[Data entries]
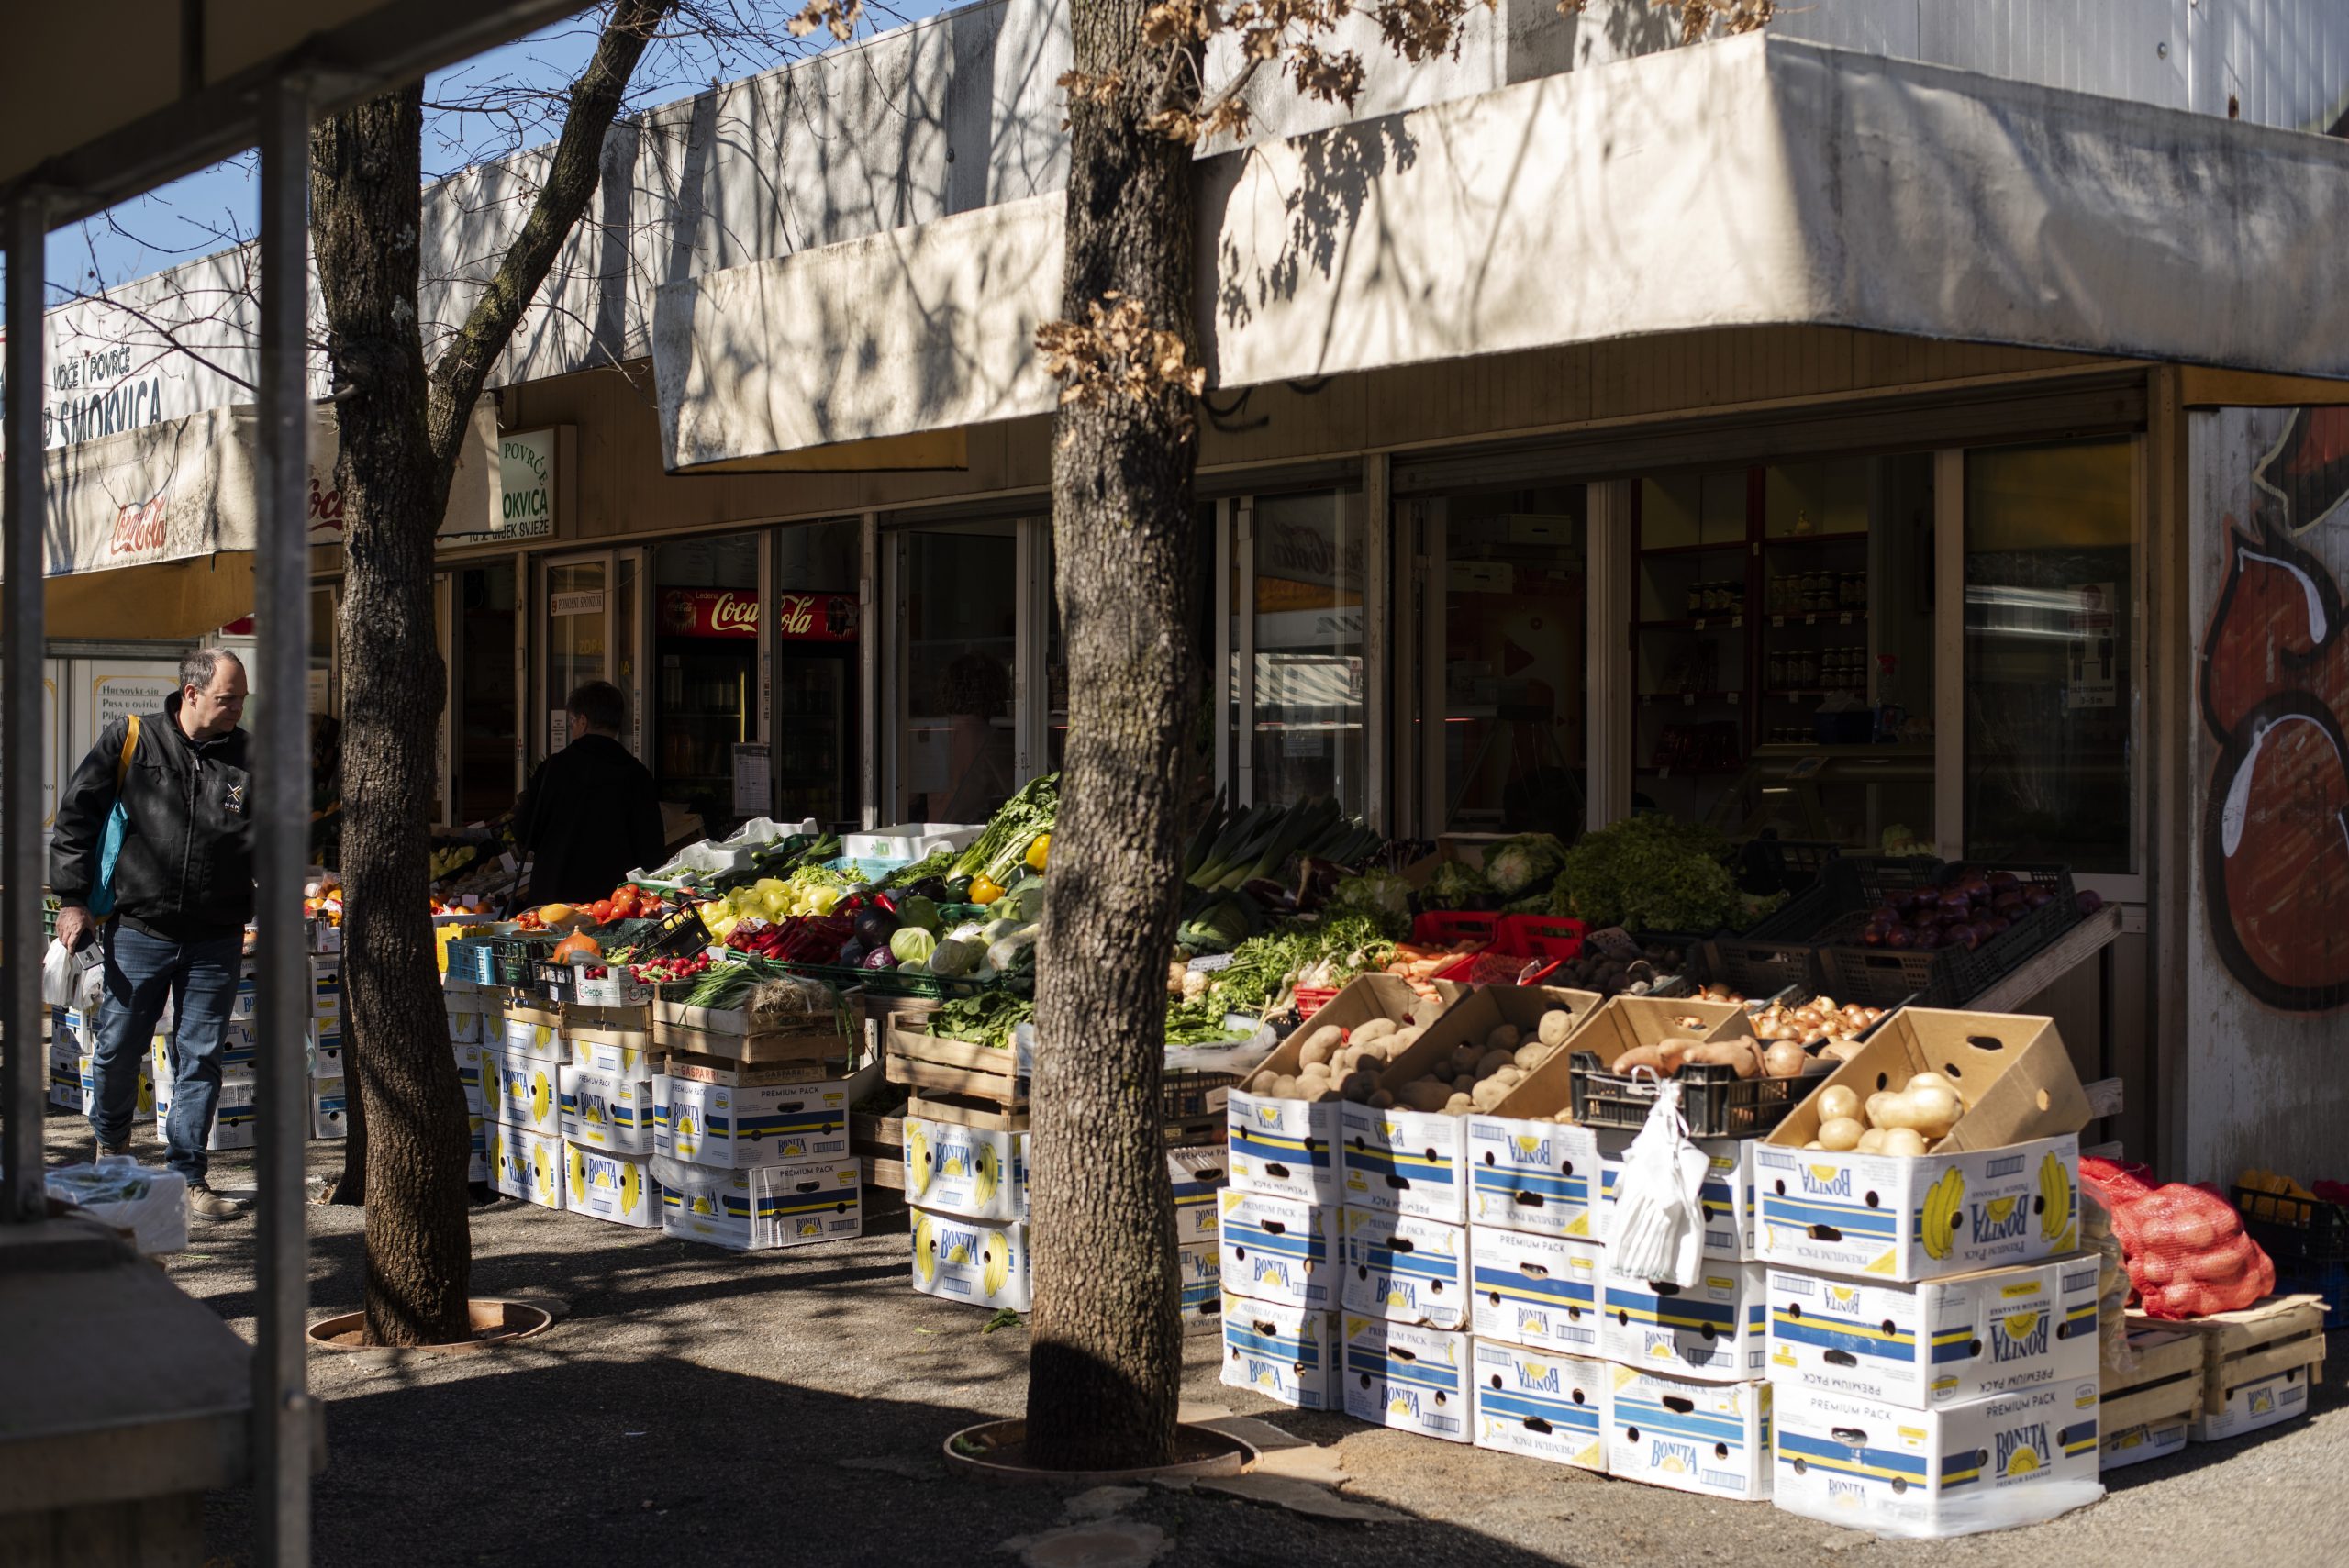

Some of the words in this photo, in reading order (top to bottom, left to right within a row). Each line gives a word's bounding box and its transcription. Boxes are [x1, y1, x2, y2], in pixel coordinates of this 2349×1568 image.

[504, 442, 549, 486] POVRĆE
[503, 488, 548, 519] OKVICA
[519, 517, 550, 537] SVJEŽE
[502, 1069, 530, 1099] BONITA
[681, 1066, 719, 1082] GASPARRI
[761, 1088, 797, 1097] PREMIUM
[799, 1086, 819, 1095] PACK
[581, 1092, 607, 1121] BONITA
[674, 1102, 701, 1132] BONITA
[777, 1138, 807, 1153] BONITA
[1175, 1149, 1214, 1161] PREMIUM
[1507, 1135, 1551, 1166] BONITA
[780, 1168, 813, 1177] PREMIUM
[816, 1165, 834, 1173] PACK
[935, 1142, 973, 1178] BONITA
[588, 1158, 618, 1189] BONITA
[1798, 1163, 1852, 1197] BONITA
[1196, 1208, 1219, 1228] BONIT
[1242, 1201, 1275, 1214] PREMIUM
[1276, 1207, 1297, 1218] PACK
[1970, 1194, 2030, 1244] BONITA
[796, 1217, 823, 1234] BONITA
[1406, 1226, 1427, 1237] PACK
[940, 1229, 980, 1266] BONITA
[1500, 1235, 1540, 1249] PREMIUM
[1542, 1241, 1565, 1253] PACK
[1796, 1246, 1820, 1258] PACK
[1194, 1255, 1221, 1278] NITA
[1820, 1252, 1869, 1266] PREMIUM
[1253, 1256, 1291, 1288] BONITA
[1376, 1277, 1417, 1309] BONITA
[1824, 1287, 1861, 1315] BONITA
[1517, 1307, 1550, 1333] BONITA
[1368, 1326, 1405, 1341] PREMIUM
[1407, 1333, 1428, 1345] PACK
[1989, 1315, 2051, 1363] BONITA
[1248, 1359, 1283, 1391] BONITA
[1514, 1361, 1560, 1394] BONITA
[1802, 1373, 1830, 1386] PACK
[1832, 1378, 1882, 1396] PREMIUM
[1979, 1380, 2005, 1394] PACK
[2008, 1368, 2054, 1386] PREMIUM
[1379, 1384, 1420, 1418] BONITA
[1810, 1397, 1861, 1416] PREMIUM
[1864, 1407, 1893, 1421] PACK
[1986, 1399, 2031, 1418] PREMIUM
[2032, 1392, 2056, 1407] PACK
[1512, 1435, 1533, 1447] PACK
[1534, 1440, 1575, 1456] PREMIUM
[1995, 1422, 2052, 1473] BONITA
[1652, 1440, 1699, 1476] BONITA
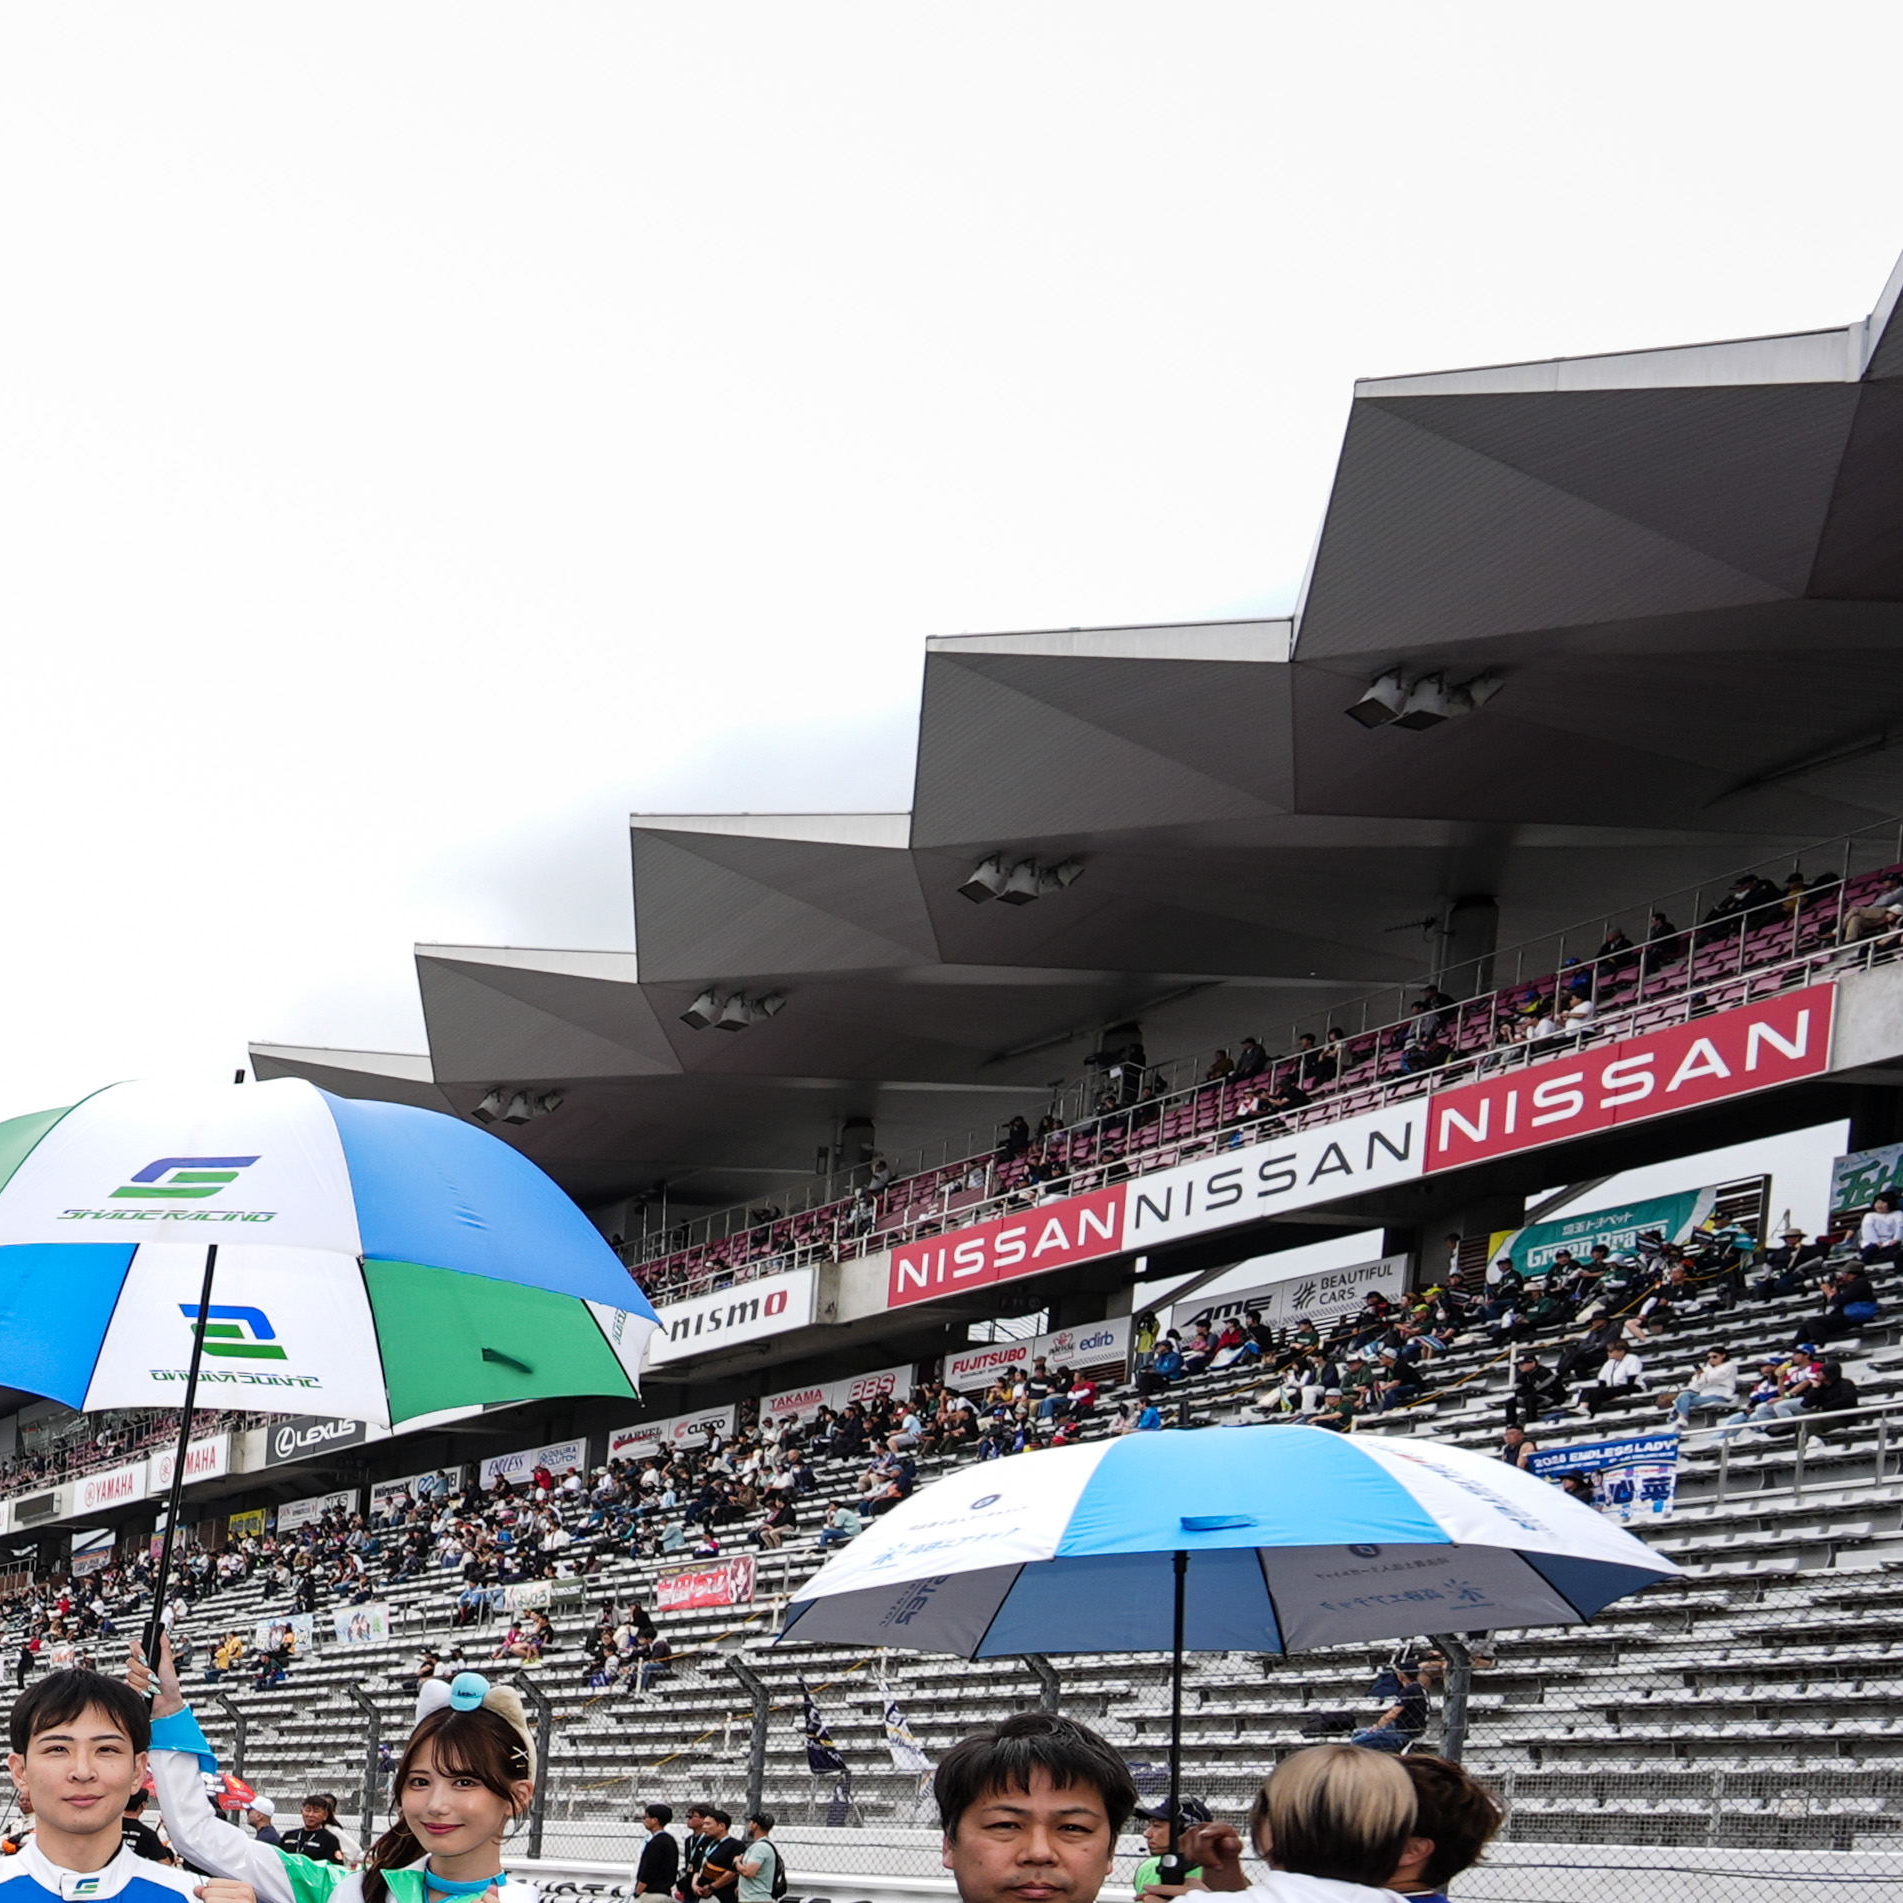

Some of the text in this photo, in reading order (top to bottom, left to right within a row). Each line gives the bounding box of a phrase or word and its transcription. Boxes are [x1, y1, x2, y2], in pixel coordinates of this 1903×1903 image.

[1439, 1009, 1811, 1152] NISSAN
[1135, 1121, 1413, 1229] NISSAN
[167, 1210, 278, 1223] RACING
[897, 1202, 1117, 1294] NISSAN
[1321, 1264, 1393, 1290] BEAUTIFUL
[1319, 1287, 1356, 1306] CARS
[671, 1290, 788, 1342] nismo
[1080, 1331, 1114, 1351] edirb
[952, 1346, 1027, 1375] FUJITSUBO
[849, 1374, 896, 1400] BBS
[294, 1419, 358, 1448] LEXUS
[96, 1473, 134, 1503] YAMAHA

How to complete this task: Drop the pictures and reproduce the rest of the entries above exactly.

Answer:
Some of the words in this photo, in reading order (top to bottom, left to right within a row). Each line gives a word's bounding box and its transcription. Boxes are [x1, y1, x2, y2], in pixel coordinates of this 2349×1568 image.

[504, 442, 549, 486] POVRĆE
[503, 488, 548, 519] OKVICA
[519, 517, 550, 537] SVJEŽE
[502, 1069, 530, 1099] BONITA
[681, 1066, 719, 1082] GASPARRI
[761, 1088, 797, 1097] PREMIUM
[799, 1086, 819, 1095] PACK
[581, 1092, 607, 1121] BONITA
[674, 1102, 701, 1132] BONITA
[777, 1138, 807, 1153] BONITA
[1175, 1149, 1214, 1161] PREMIUM
[1507, 1135, 1551, 1166] BONITA
[780, 1168, 813, 1177] PREMIUM
[816, 1165, 834, 1173] PACK
[935, 1142, 973, 1178] BONITA
[588, 1158, 618, 1189] BONITA
[1798, 1163, 1852, 1197] BONITA
[1196, 1208, 1219, 1228] BONIT
[1242, 1201, 1275, 1214] PREMIUM
[1276, 1207, 1297, 1218] PACK
[1970, 1194, 2030, 1244] BONITA
[796, 1217, 823, 1234] BONITA
[1406, 1226, 1427, 1237] PACK
[940, 1229, 980, 1266] BONITA
[1500, 1235, 1540, 1249] PREMIUM
[1542, 1241, 1565, 1253] PACK
[1796, 1246, 1820, 1258] PACK
[1194, 1255, 1221, 1278] NITA
[1820, 1252, 1869, 1266] PREMIUM
[1253, 1256, 1291, 1288] BONITA
[1376, 1277, 1417, 1309] BONITA
[1824, 1287, 1861, 1315] BONITA
[1517, 1307, 1550, 1333] BONITA
[1368, 1326, 1405, 1341] PREMIUM
[1407, 1333, 1428, 1345] PACK
[1989, 1315, 2051, 1363] BONITA
[1248, 1359, 1283, 1391] BONITA
[1514, 1361, 1560, 1394] BONITA
[1802, 1373, 1830, 1386] PACK
[1832, 1378, 1882, 1396] PREMIUM
[1979, 1380, 2005, 1394] PACK
[2008, 1368, 2054, 1386] PREMIUM
[1379, 1384, 1420, 1418] BONITA
[1810, 1397, 1861, 1416] PREMIUM
[1864, 1407, 1893, 1421] PACK
[1986, 1399, 2031, 1418] PREMIUM
[2032, 1392, 2056, 1407] PACK
[1512, 1435, 1533, 1447] PACK
[1534, 1440, 1575, 1456] PREMIUM
[1995, 1422, 2052, 1473] BONITA
[1652, 1440, 1699, 1476] BONITA

Some of the text in this photo, in reading order (top to bottom, left to right within a row). Each line gives the bounding box of a phrase or word and its transcription. Boxes are [x1, y1, x2, y2], in pixel coordinates of this 1903×1903 image.

[1439, 1009, 1811, 1152] NISSAN
[1135, 1121, 1413, 1229] NISSAN
[167, 1210, 278, 1223] RACING
[897, 1202, 1117, 1294] NISSAN
[1321, 1264, 1393, 1290] BEAUTIFUL
[1319, 1287, 1356, 1306] CARS
[671, 1290, 788, 1342] nismo
[1080, 1331, 1114, 1351] edirb
[952, 1346, 1027, 1375] FUJITSUBO
[849, 1374, 896, 1400] BBS
[294, 1419, 358, 1448] LEXUS
[96, 1473, 134, 1503] YAMAHA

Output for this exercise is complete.